== Work item ==
Your copy of the data should match it exactly, leaving out only the pictures.

== Data provided ==
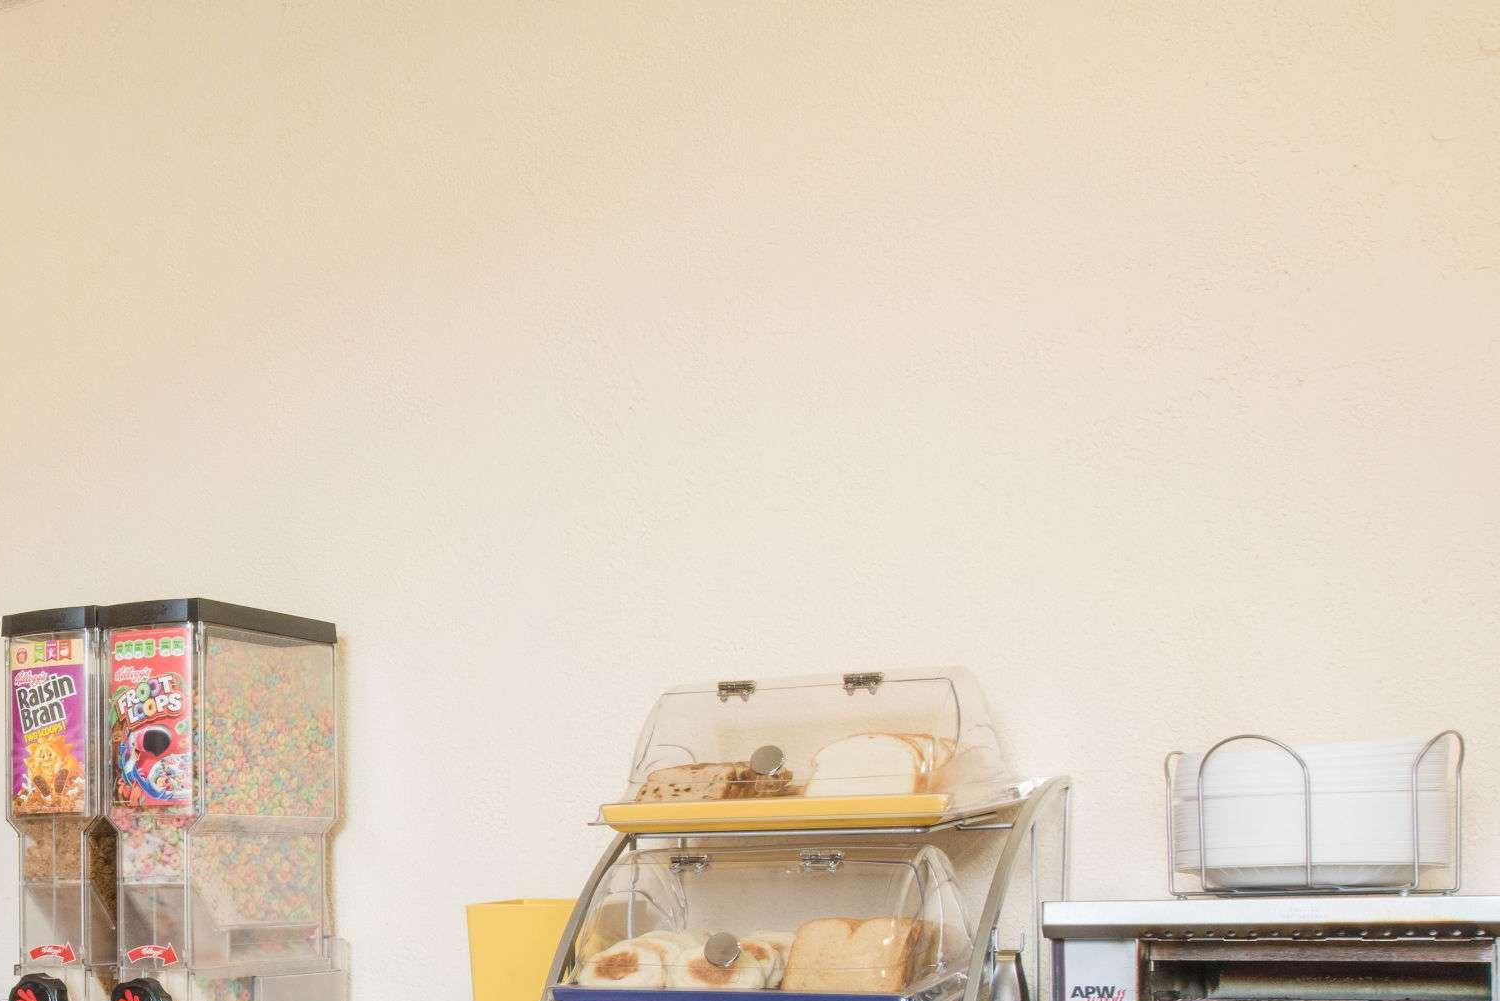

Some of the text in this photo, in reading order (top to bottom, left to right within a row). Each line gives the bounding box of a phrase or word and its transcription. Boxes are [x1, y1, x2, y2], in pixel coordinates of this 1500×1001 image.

[16, 674, 77, 709] Raisin
[118, 675, 173, 714] FROOT
[20, 701, 66, 732] Bran
[127, 692, 182, 723] LOOPS
[1071, 985, 1115, 998] APW
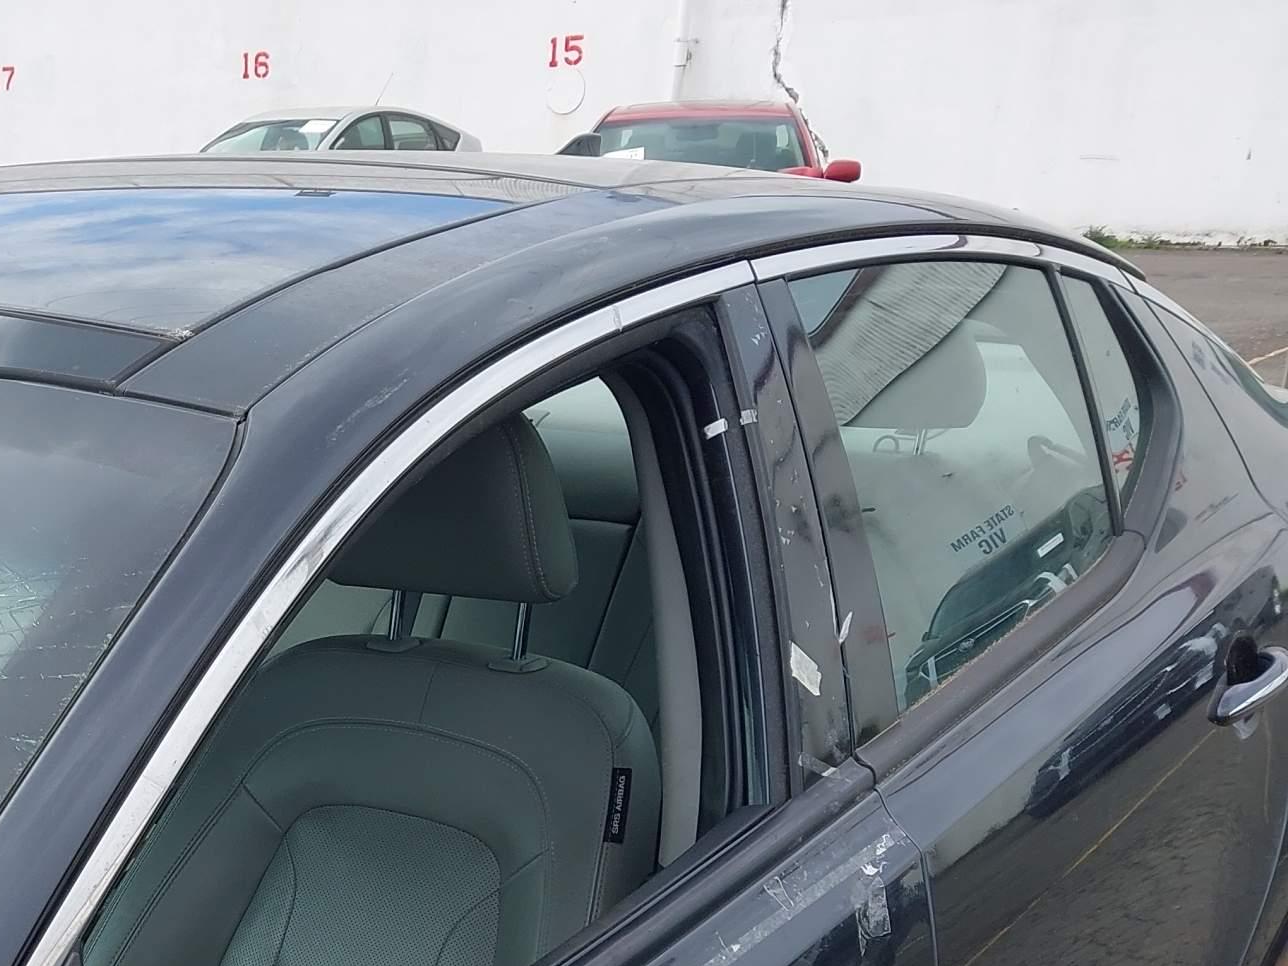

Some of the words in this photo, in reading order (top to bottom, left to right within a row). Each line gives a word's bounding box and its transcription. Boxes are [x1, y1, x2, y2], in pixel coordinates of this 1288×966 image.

[243, 52, 270, 79] 16
[549, 35, 584, 67] 15
[611, 813, 621, 835] SRS
[616, 775, 626, 812] AIRBAG
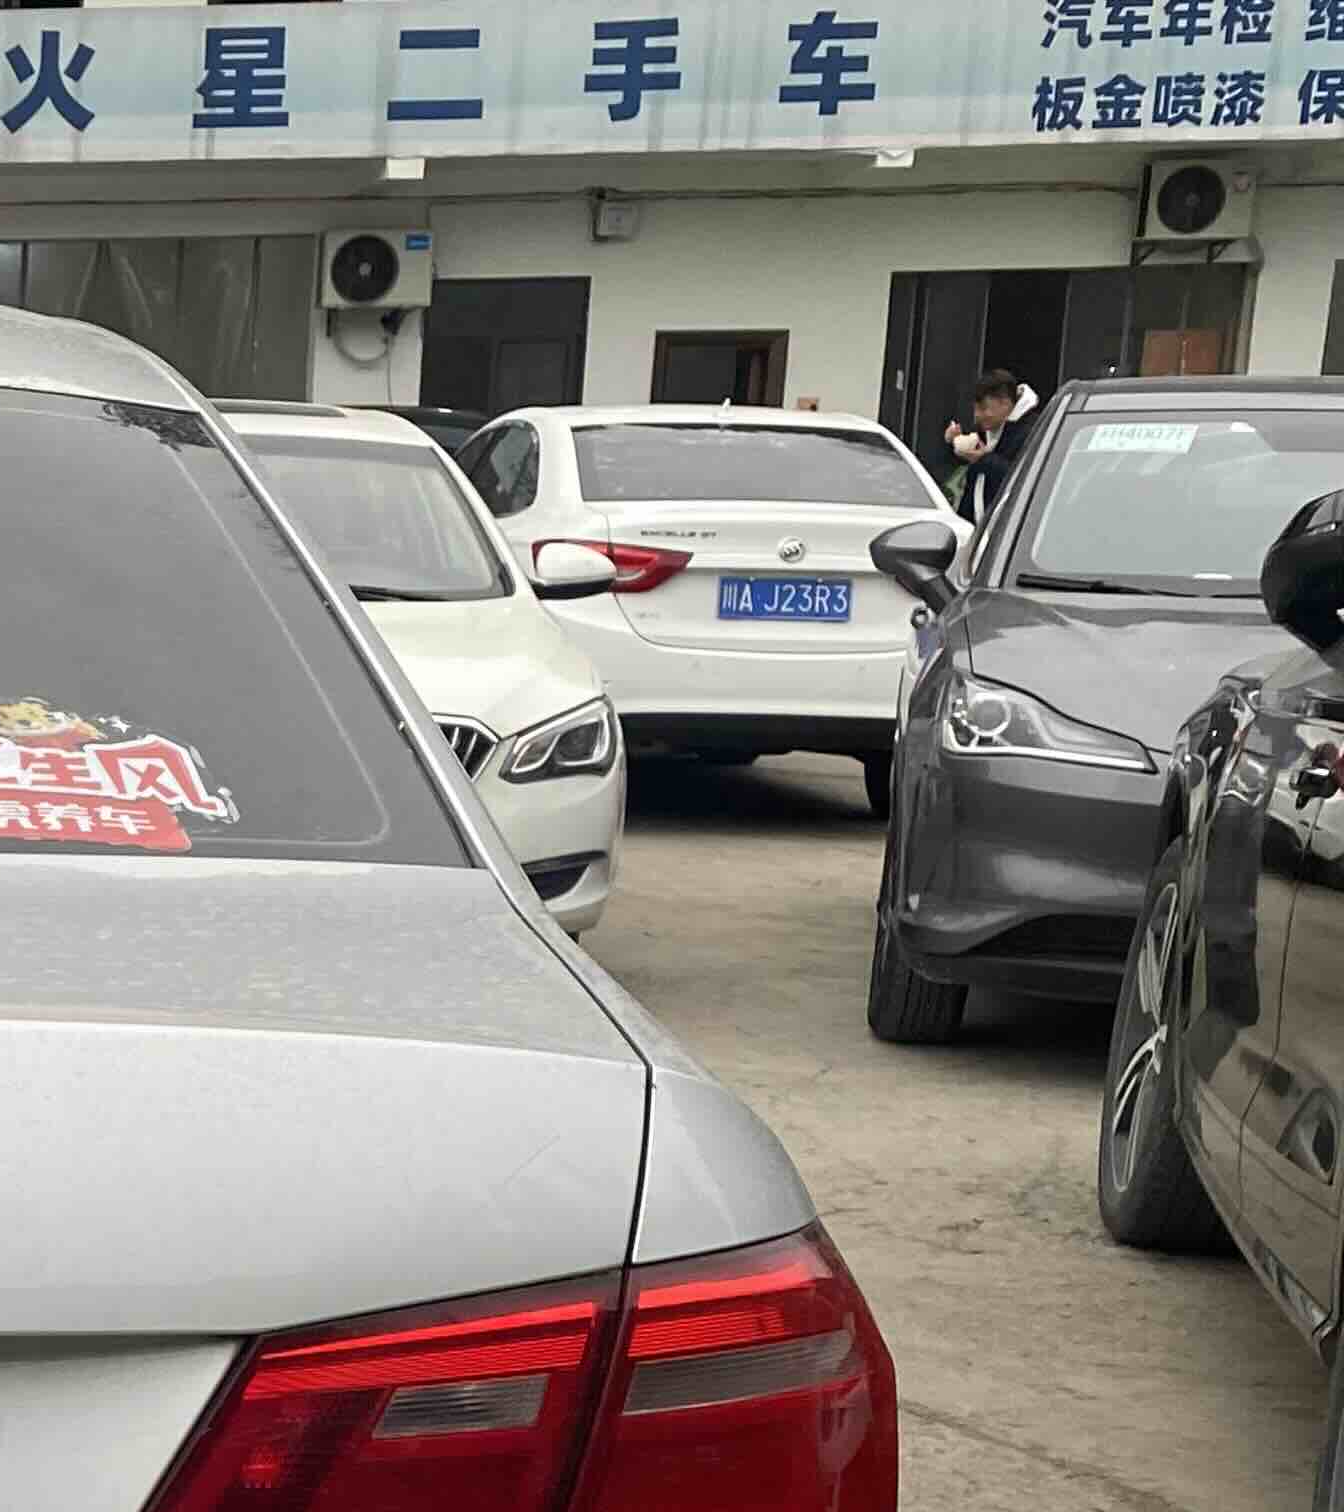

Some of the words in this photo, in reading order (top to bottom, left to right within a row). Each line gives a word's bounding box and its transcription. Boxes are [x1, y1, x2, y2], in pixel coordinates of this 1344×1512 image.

[1040, 0, 1274, 49] 汽车年检
[0, 10, 880, 134] 火星二手车
[1031, 69, 1266, 133] 板金喷漆
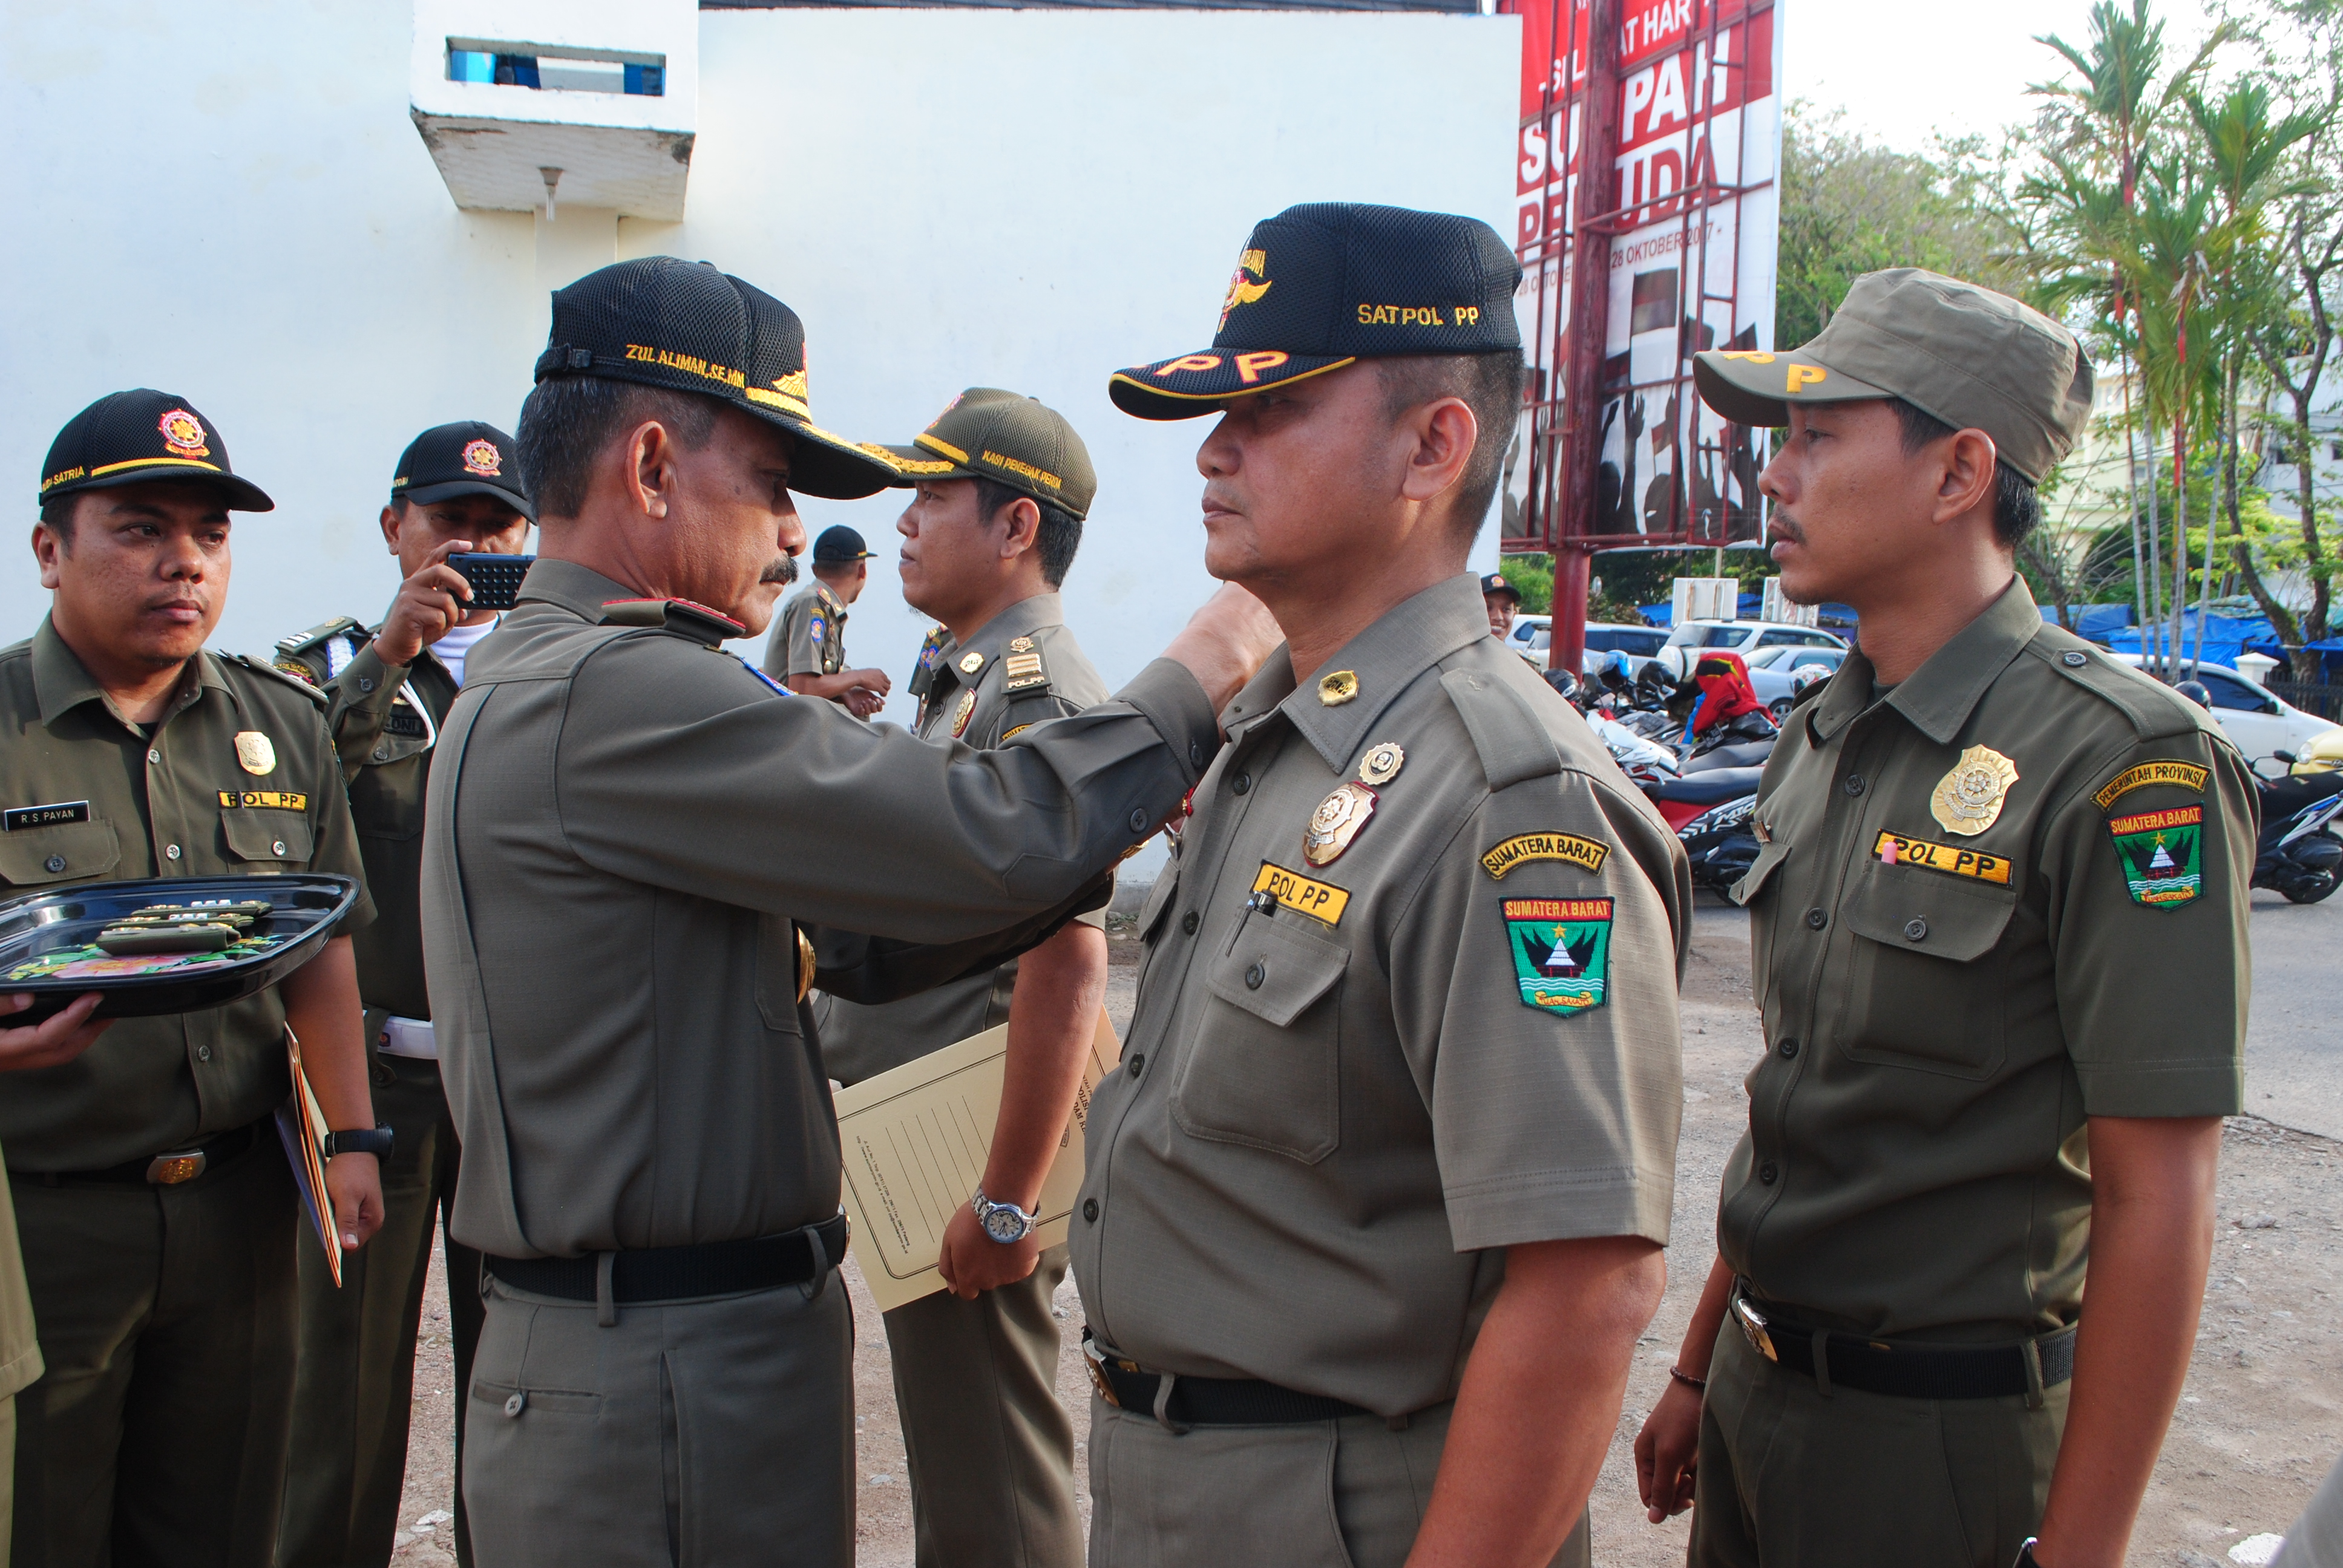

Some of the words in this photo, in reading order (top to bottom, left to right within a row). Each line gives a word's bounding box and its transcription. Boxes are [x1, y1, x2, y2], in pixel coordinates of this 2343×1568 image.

[1611, 250, 1624, 270] 28
[1626, 232, 1683, 264] OKTOBER
[1686, 221, 1714, 247] 207
[1357, 304, 1444, 326] SATPOL
[1454, 306, 1479, 326] PP
[625, 344, 655, 362] ZUL
[53, 465, 85, 485] SATRIA
[981, 449, 1004, 466] KASI
[1003, 457, 1041, 480] PENEGAK
[2098, 766, 2152, 804] PEMERINTAH
[2154, 765, 2203, 786] PROVINSI
[279, 793, 298, 808] PP
[44, 809, 74, 821] PAYAN
[2110, 814, 2165, 833] SUMATERA
[2166, 807, 2201, 825] BARAT
[1486, 837, 1555, 871] SUMATERA
[1556, 838, 1602, 865] BARAT
[1954, 851, 1996, 876] PP
[1267, 872, 1296, 902] POL
[1299, 885, 1330, 910] PP
[1505, 901, 1568, 916] SUMATERA
[1570, 901, 1609, 917] BARAT

== Reply ==
Some of the text in this photo, in reading order (top to bottom, left to right within a row). Each line gives the bounding box of a phrase or word and its transcription. Boxes are [x1, y1, x2, y2], in pixel coordinates of this 1500×1001 image.

[16, 674, 77, 709] Raisin
[118, 675, 173, 714] FROOT
[20, 701, 66, 732] Bran
[127, 692, 182, 723] LOOPS
[1071, 985, 1115, 998] APW

Some of the words in this photo, in reading order (top to bottom, left to right within a row). Each line gives a word's bounding box and its transcription. Boxes are [x1, y1, x2, y2], in pixel coordinates of this 1288×966 image.

[243, 52, 270, 79] 16
[549, 35, 584, 67] 15
[611, 813, 621, 835] SRS
[616, 775, 626, 812] AIRBAG

Some of the words in this photo, in reading order (top to bottom, left to right within a row). Each line gives a word's bounding box and its transcription. Boxes are [x1, y1, x2, y2], in pixel coordinates of this 1344×1512 image.

[1040, 0, 1274, 49] 汽车年检
[0, 10, 880, 134] 火星二手车
[1031, 69, 1266, 133] 板金喷漆

Some of the words in this photo, in reading order (top to bottom, left to right within a row). Each line gives a word's bounding box and its transcription. Boxes are [x1, y1, x2, y2], in pixel coordinates of this 2343×1568 image.

[1611, 250, 1624, 270] 28
[1626, 232, 1683, 264] OKTOBER
[1686, 221, 1714, 247] 207
[1357, 304, 1444, 326] SATPOL
[1454, 306, 1479, 326] PP
[625, 344, 655, 362] ZUL
[53, 465, 85, 485] SATRIA
[981, 449, 1004, 466] KASI
[1003, 457, 1041, 480] PENEGAK
[2098, 766, 2152, 804] PEMERINTAH
[2154, 765, 2203, 786] PROVINSI
[279, 793, 298, 808] PP
[44, 809, 74, 821] PAYAN
[2110, 814, 2165, 833] SUMATERA
[2166, 807, 2201, 825] BARAT
[1486, 837, 1555, 871] SUMATERA
[1556, 838, 1602, 865] BARAT
[1954, 851, 1996, 876] PP
[1267, 872, 1296, 902] POL
[1299, 885, 1330, 910] PP
[1505, 901, 1568, 916] SUMATERA
[1570, 901, 1609, 917] BARAT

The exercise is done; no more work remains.